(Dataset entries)

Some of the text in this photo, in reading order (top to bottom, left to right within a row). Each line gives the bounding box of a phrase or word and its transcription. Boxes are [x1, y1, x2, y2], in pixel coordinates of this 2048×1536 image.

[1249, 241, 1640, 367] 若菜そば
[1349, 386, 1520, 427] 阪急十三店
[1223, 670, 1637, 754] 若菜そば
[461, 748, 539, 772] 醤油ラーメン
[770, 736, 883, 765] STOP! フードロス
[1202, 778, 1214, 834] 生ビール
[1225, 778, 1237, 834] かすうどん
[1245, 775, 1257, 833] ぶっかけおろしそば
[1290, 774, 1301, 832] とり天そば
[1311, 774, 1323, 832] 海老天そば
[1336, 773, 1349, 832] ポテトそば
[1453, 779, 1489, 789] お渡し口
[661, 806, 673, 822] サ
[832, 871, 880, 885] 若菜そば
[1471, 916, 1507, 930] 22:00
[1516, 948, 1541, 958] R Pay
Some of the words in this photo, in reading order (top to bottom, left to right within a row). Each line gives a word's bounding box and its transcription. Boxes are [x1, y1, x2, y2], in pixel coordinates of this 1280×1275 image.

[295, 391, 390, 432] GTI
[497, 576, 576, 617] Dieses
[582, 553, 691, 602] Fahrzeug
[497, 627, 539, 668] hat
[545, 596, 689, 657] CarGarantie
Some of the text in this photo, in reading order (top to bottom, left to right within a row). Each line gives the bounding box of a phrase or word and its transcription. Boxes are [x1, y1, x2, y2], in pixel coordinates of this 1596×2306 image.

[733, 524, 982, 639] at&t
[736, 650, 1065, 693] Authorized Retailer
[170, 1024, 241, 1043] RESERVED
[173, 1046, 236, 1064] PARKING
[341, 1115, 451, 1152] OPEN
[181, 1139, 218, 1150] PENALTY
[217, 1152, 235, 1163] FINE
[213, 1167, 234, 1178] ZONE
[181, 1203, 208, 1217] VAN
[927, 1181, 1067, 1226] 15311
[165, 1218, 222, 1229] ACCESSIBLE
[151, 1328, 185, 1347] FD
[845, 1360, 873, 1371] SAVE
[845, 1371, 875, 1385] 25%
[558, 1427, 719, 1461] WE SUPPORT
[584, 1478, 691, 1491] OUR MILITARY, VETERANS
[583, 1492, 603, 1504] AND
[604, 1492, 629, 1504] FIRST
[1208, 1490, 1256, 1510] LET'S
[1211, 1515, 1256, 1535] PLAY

Exercise goal:
Each line above should be output exactly as written.

Solution to the exercise:
Some of the text in this photo, in reading order (top to bottom, left to right within a row). Each line gives the bounding box of a phrase or word and its transcription. Boxes are [x1, y1, x2, y2], in pixel coordinates of this 2048×1536 image.

[1249, 241, 1640, 367] 若菜そば
[1349, 386, 1520, 427] 阪急十三店
[1223, 670, 1637, 754] 若菜そば
[461, 748, 539, 772] 醤油ラーメン
[770, 736, 883, 765] STOP! フードロス
[1202, 778, 1214, 834] 生ビール
[1225, 778, 1237, 834] かすうどん
[1245, 775, 1257, 833] ぶっかけおろしそば
[1290, 774, 1301, 832] とり天そば
[1311, 774, 1323, 832] 海老天そば
[1336, 773, 1349, 832] ポテトそば
[1453, 779, 1489, 789] お渡し口
[661, 806, 673, 822] サ
[832, 871, 880, 885] 若菜そば
[1471, 916, 1507, 930] 22:00
[1516, 948, 1541, 958] R Pay
Some of the words in this photo, in reading order (top to bottom, left to right within a row). Each line gives a word's bounding box and its transcription. Boxes are [x1, y1, x2, y2], in pixel coordinates of this 1280×1275 image.

[295, 391, 390, 432] GTI
[497, 576, 576, 617] Dieses
[582, 553, 691, 602] Fahrzeug
[497, 627, 539, 668] hat
[545, 596, 689, 657] CarGarantie
Some of the text in this photo, in reading order (top to bottom, left to right within a row). Each line gives the bounding box of a phrase or word and its transcription. Boxes are [x1, y1, x2, y2], in pixel coordinates of this 1596×2306 image.

[733, 524, 982, 639] at&t
[736, 650, 1065, 693] Authorized Retailer
[170, 1024, 241, 1043] RESERVED
[173, 1046, 236, 1064] PARKING
[341, 1115, 451, 1152] OPEN
[181, 1139, 218, 1150] PENALTY
[217, 1152, 235, 1163] FINE
[213, 1167, 234, 1178] ZONE
[181, 1203, 208, 1217] VAN
[927, 1181, 1067, 1226] 15311
[165, 1218, 222, 1229] ACCESSIBLE
[151, 1328, 185, 1347] FD
[845, 1360, 873, 1371] SAVE
[845, 1371, 875, 1385] 25%
[558, 1427, 719, 1461] WE SUPPORT
[584, 1478, 691, 1491] OUR MILITARY, VETERANS
[583, 1492, 603, 1504] AND
[604, 1492, 629, 1504] FIRST
[1208, 1490, 1256, 1510] LET'S
[1211, 1515, 1256, 1535] PLAY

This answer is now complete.